La visión se ‘aprende’ en el cerebro. Durante los periodos críticos del desarrollo visual, que son más intensos en los primeros meses de vida, la luz y la imagen deben llegar nítidas a la retina y al córtex visual. Si una catarata bloquea esta entrada, el cerebro no desarrolla las conexiones necesarias para ver, una condición conocida como ambliopía u «ojo vago».
El origen semántico: ¿por qué ocurren las cataratas en recién nacidos?
La etiología de las cataratas congénitas es compleja y a menudo multifactorial. Comprender las causas va más allá de la simple biología, es clave para la prevención y el asesoramiento genético. Aunque en el 50% de los casos la causa puede ser desconocida (idiopática), los principales factores se agrupan en tres grandes categorías:
- Factores genéticos y hereditarios: Se estima que el 10-25% de los casos tienen un componente hereditario, con patrones de herencia autosómica dominante. Más de 100 genes están asociados a su desarrollo, afectando proteínas estructurales del cristalino.

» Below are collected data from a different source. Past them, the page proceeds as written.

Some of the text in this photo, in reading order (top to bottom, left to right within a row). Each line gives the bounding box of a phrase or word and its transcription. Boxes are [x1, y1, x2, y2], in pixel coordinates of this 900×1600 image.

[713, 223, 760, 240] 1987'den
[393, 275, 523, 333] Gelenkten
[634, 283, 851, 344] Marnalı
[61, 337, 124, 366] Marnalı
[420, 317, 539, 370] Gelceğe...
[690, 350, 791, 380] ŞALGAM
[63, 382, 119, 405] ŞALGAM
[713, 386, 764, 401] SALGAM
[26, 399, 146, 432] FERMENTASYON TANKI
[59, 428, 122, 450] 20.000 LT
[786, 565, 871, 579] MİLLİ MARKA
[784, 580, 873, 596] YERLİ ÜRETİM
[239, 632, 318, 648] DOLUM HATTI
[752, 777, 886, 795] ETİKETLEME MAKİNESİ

- Infecciones intrauterinas (Síndrome TORCH): Infecciones contraídas por la madre durante el embarazo, especialmente en el primer trimestre, pueden dañar el cristalino en formación. Las más relevantes incluyen la Rubeola (la causa más común a nivel mundial antes de la vacunación masiva), la Toxoplasmosis, y el Citomegalovirus (CMV).
- Anomalías Metabólicas: Trastornos como la Galactosemia (incapacidad para metabolizar la galactosa) son causas metabólicas tratables si se diagnostican a tiempo con una dieta estricta. También pueden estar asociadas a síndromes sistémicos como el Síndrome de Down o el Síndrome de Lowe.

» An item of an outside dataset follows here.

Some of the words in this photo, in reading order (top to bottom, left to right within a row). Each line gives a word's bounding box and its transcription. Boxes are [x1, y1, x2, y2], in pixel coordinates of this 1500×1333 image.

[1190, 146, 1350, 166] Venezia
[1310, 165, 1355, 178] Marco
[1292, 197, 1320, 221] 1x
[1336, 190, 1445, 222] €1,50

Diagnóstico neonatal inmediato
La piedra angular para preservar la visión es el diagnóstico neonatal inmediato. Es crucial destacar la herramienta de screening más simple y poderosa: la prueba del Reflejo Rojo.
El Reflejo Rojo es un examen sencillo realizado por pediatras o neonatólogos al iluminar el ojo del bebé con un oftalmoscopio directo. En condiciones normales, la luz atraviesa el cristalino y la retina y se refleja de vuelta como un resplandor rojizo uniforme (similar al «efecto de ojos rojos» en fotos). Estos son los signos de alarma:
- Ausencia o disminución del reflejo rojo: Indica que algo está obstruyendo la luz.

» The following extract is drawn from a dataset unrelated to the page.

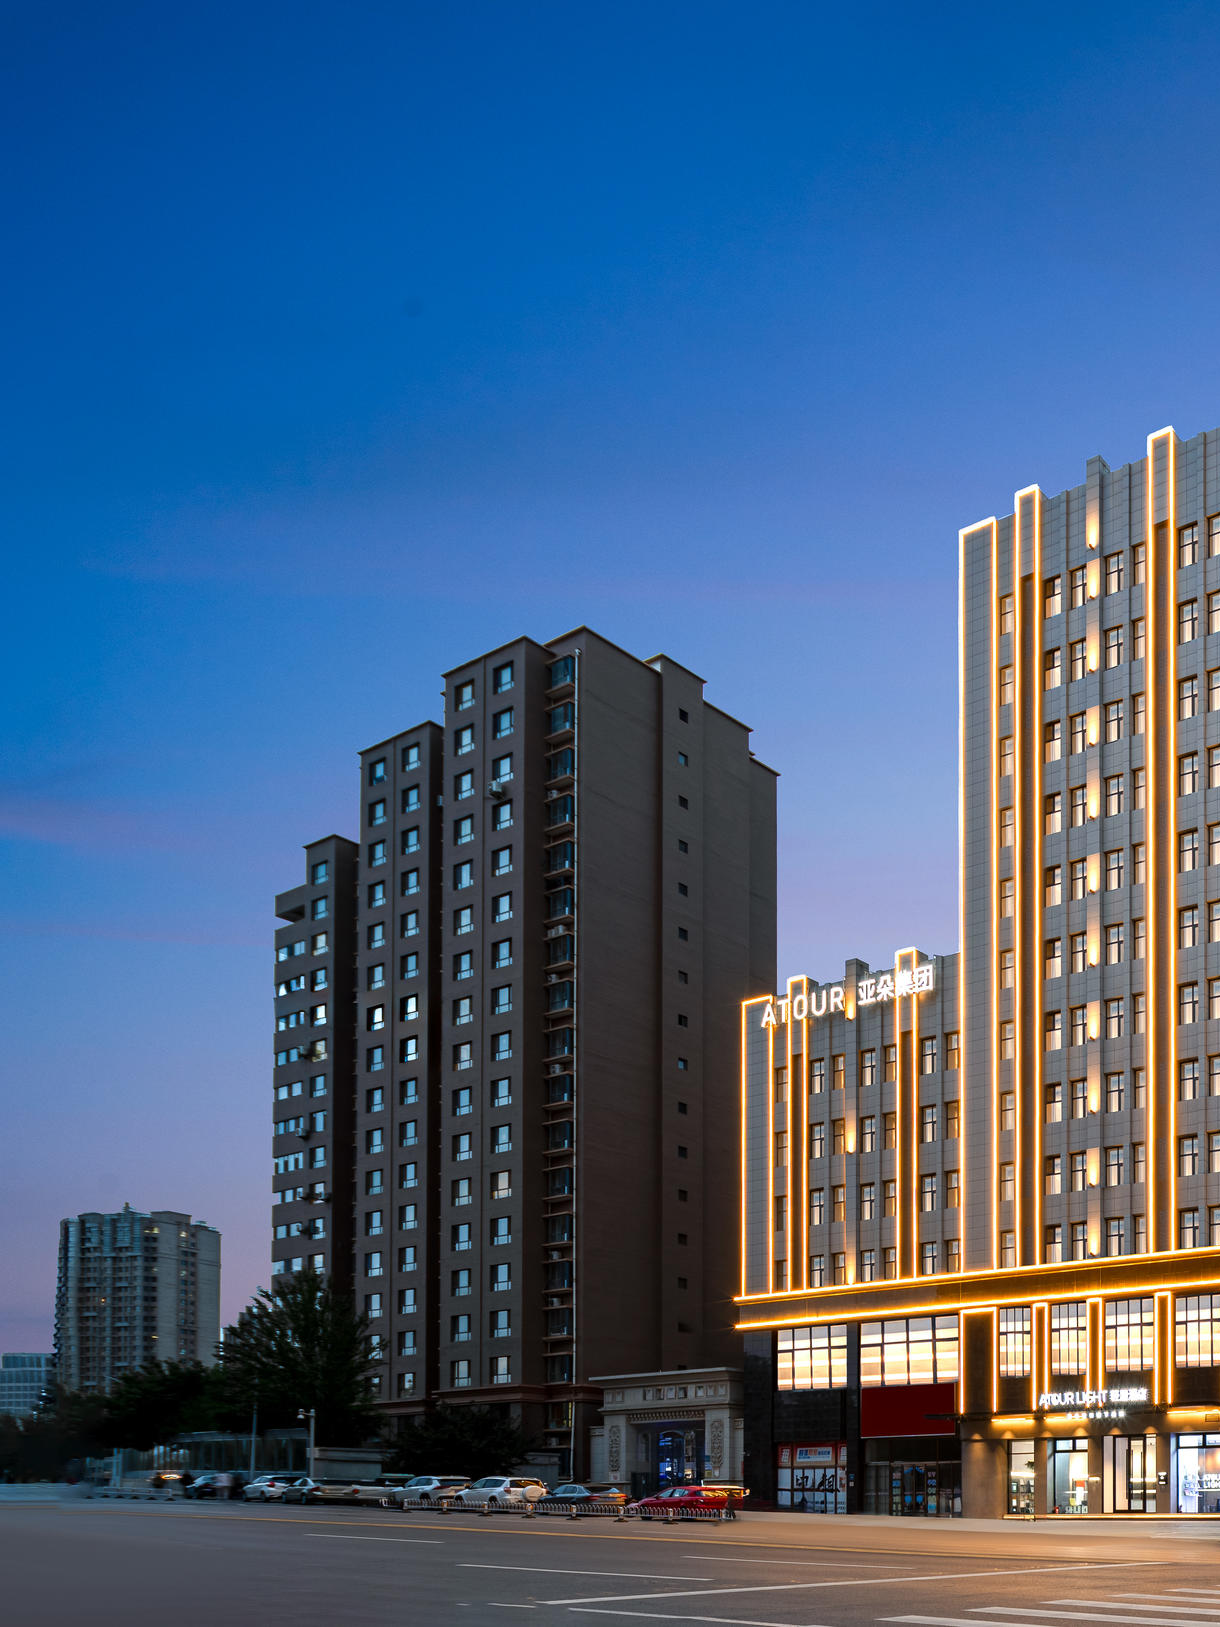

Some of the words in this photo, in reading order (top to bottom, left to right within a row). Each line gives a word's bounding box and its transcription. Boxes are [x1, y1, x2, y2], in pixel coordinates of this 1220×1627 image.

[761, 987, 845, 1027] ATOUR
[1039, 1392, 1074, 1406] ATOUR
[1076, 1390, 1107, 1404] LIGHT

- Reflejo blanco (Leucocoria): Es el signo más ominoso y sugiere la presencia de la opacidad (la catarata), o en casos menos comunes, un retinoblastoma (tumor retiniano).
- Reflejo asimétrico: Una diferencia marcada entre ambos ojos.
El éxito del tratamiento se mide no solo por la claridad con la que se extrae la opacidad, sino por la agudeza visual final alcanzada y el impacto positivo en el desarrollo neuro-cognitivo global del niño, enfatizando que la oftalmología pediátrica es inherentemente neuro-oftalmología.